The role of adaptor proteins in the dynamics of clathrin coat disassembly

Clathrin mediated endocytosis (CME) allows selective uptake of extracellular molecules into cells using cell surface receptors. CME is associated with different diseases (e.g., Parkinson's disease) where mutations and differing expression levels of CME adaptor proteins are observed. The current understanding of clathrin-adaptor interactions is limited to low-resolution cryo-EM structures and crystal structures of the clathrin terminal domain with bound peptides derived from adaptor proteins, despite the wealth of data on the role of adaptor proteins within endocytosis. There are also still many questions with regards to how multiple adaptor proteins interact and bind to clathrin cages to enable controlled clathrin coat assembly and disassembly. This project aimed to gain a greater understanding of how adaptor proteins interact with clathrin, and the impact these interactions have on clathrin cage disassembly.
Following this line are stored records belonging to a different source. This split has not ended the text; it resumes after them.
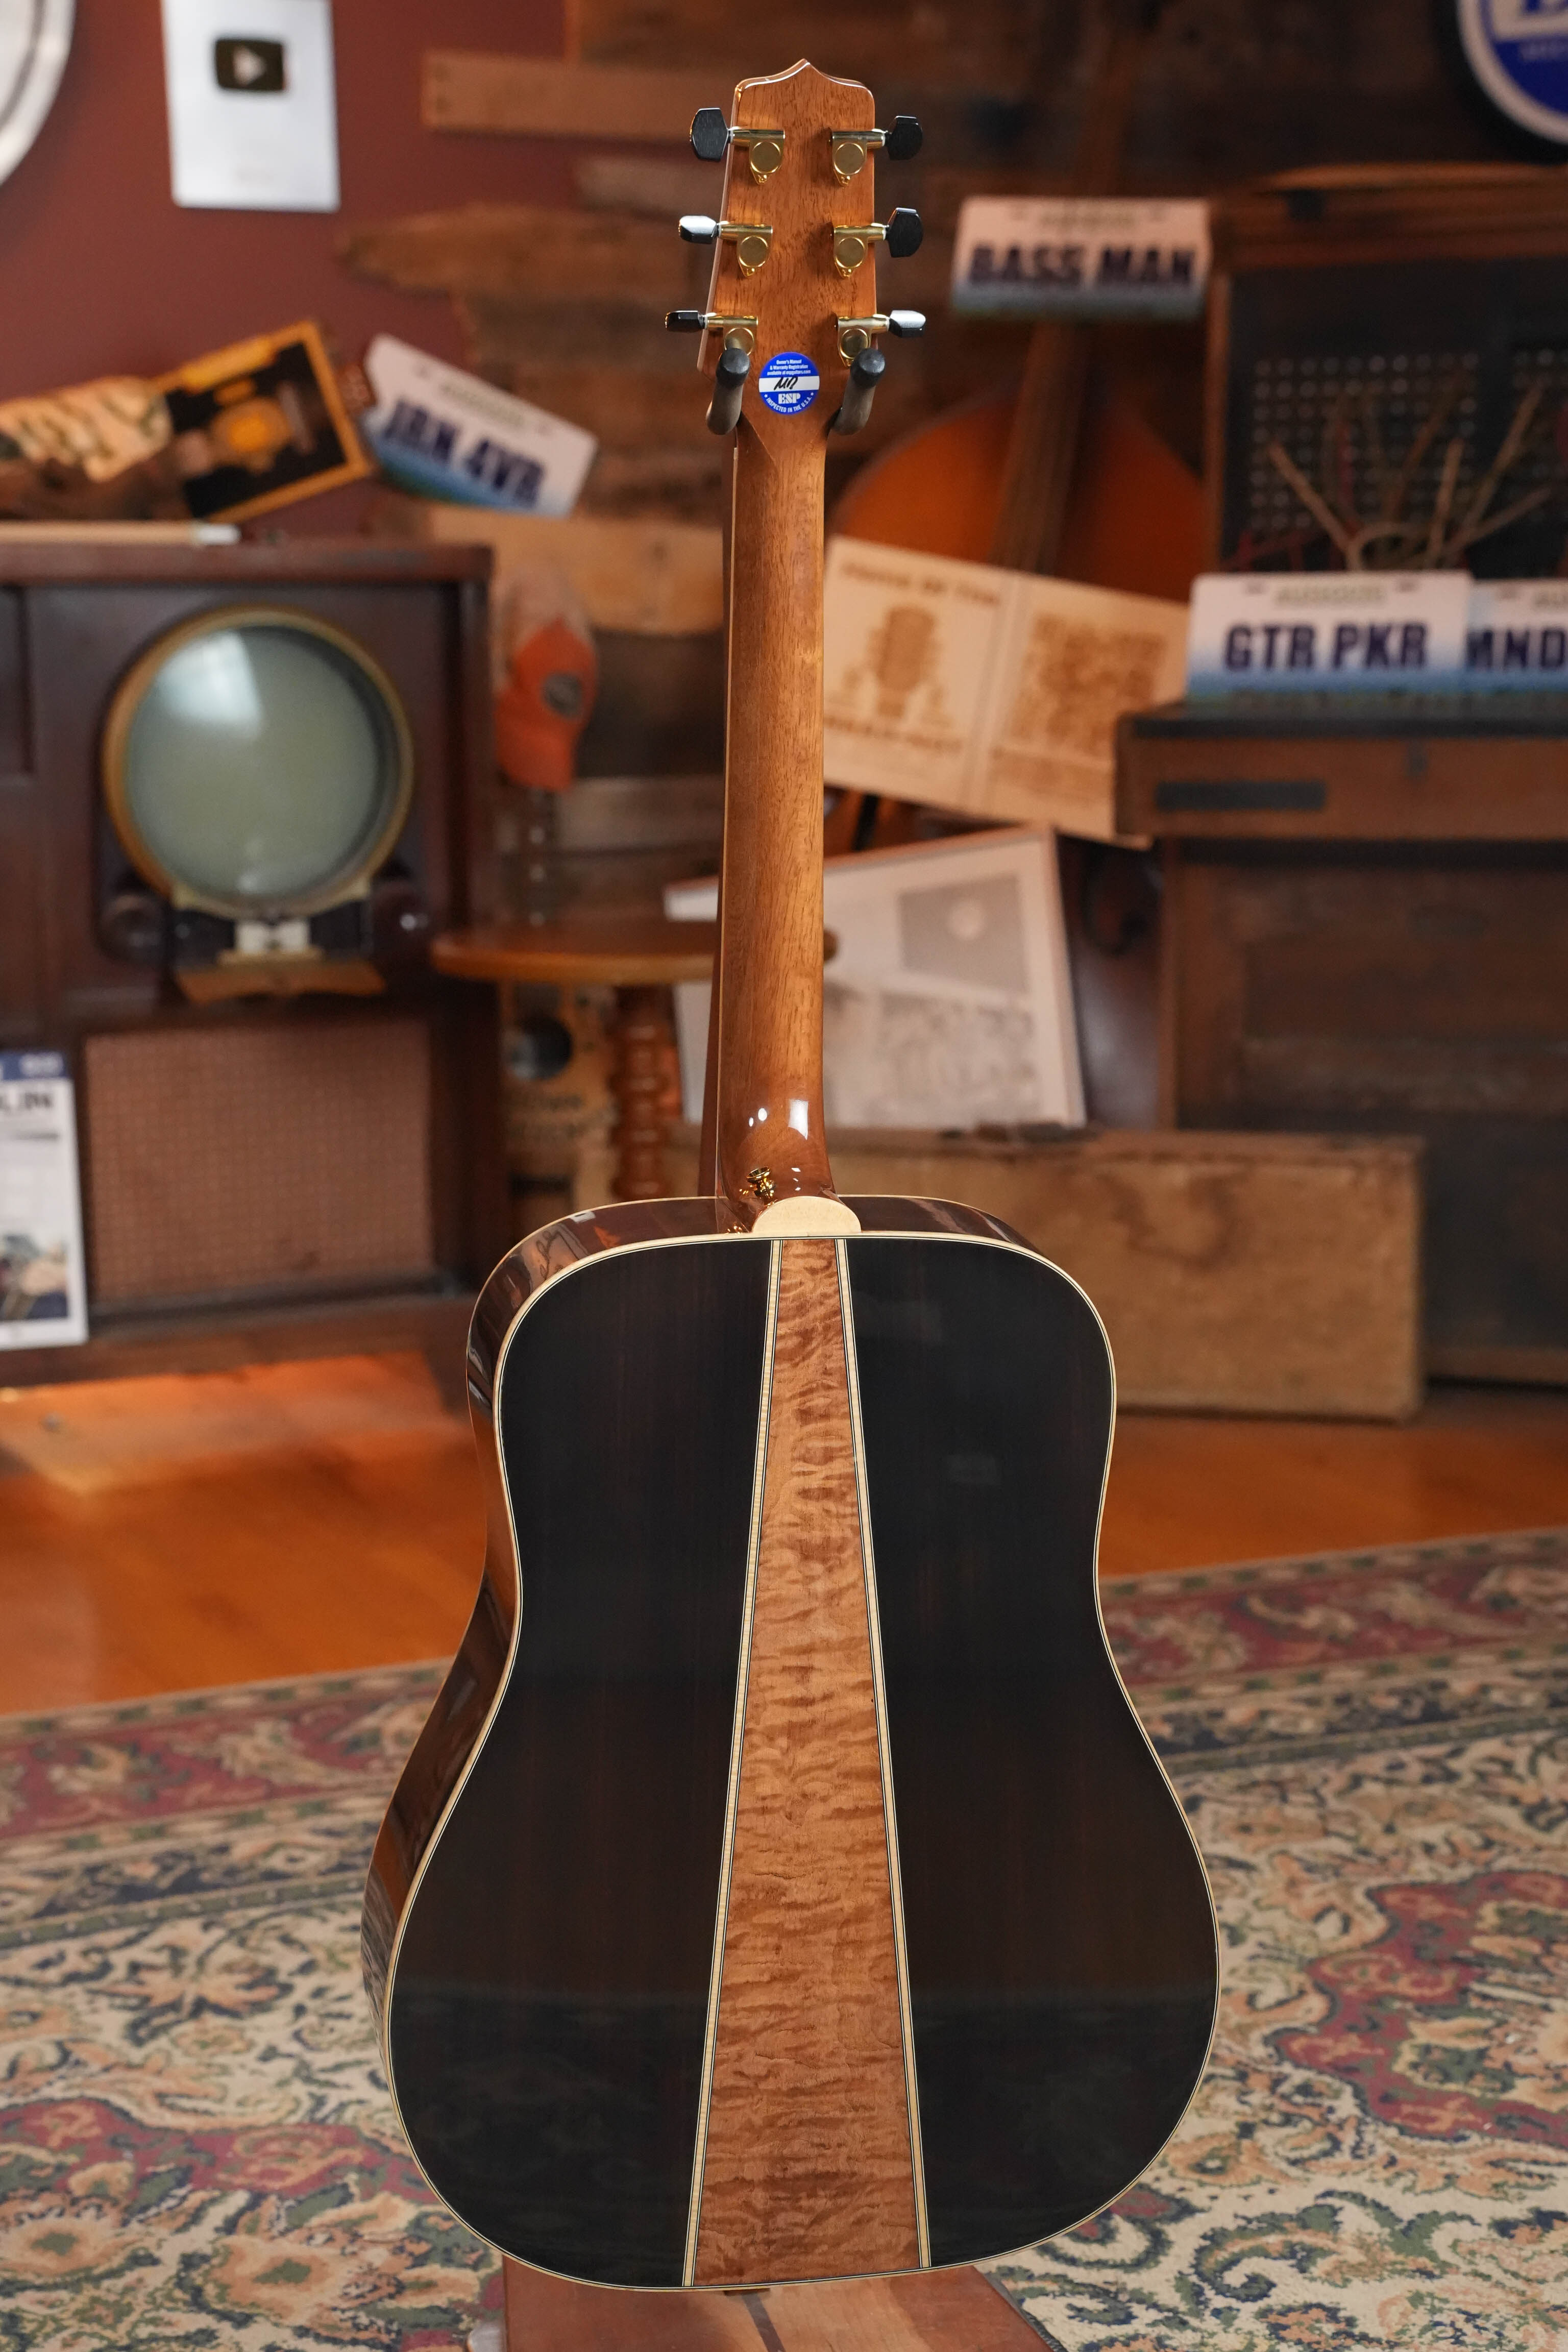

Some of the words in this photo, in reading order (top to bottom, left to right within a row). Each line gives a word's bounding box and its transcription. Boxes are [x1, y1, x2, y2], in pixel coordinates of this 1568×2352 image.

[967, 242, 1083, 284] BASS
[1095, 244, 1196, 285] MAN
[766, 397, 787, 413] INSPECTED
[778, 393, 801, 404] ESP
[1223, 623, 1316, 671] GTR
[1331, 622, 1428, 671] PKR
Initially cryo-EM was conducted to determine the structure of a clathrin cage hub with no adaptor proteins bound and terminal domains resolved, providing new insights into clathrin-clathrin interactions in the absence of adaptor proteins. This was followed by cryo-EM of clathrin cages with the disassembly adaptor protein auxilin bound, to acquire higher resolution details on auxilin binding to clathrin cages. Finally, effects of clathrin-adaptor interactions on clathrin disassembly were further analysed using fluorescence anisotropy (FA) to assess adaptor protein competition for clathrin binding sites. Overall, structures of the clathrin cage complex and the clathrin auxilin complex were successfully produced providing information on how auxilin interacts with clathrin during clathrin disassembly. The FA technique has been developed for measuring clathrin-adaptor interactions and clathrin disassembly rates, enabling competition between adaptor proteins auxilin, AP180, epsin, ARH and β2-adaptin to be identified. Further use of FA will be beneficial for assessing clathrin adaptor interactions and adaptor competition to understand how adaptor protein mutations and expression levels may cause or contribute to disease states.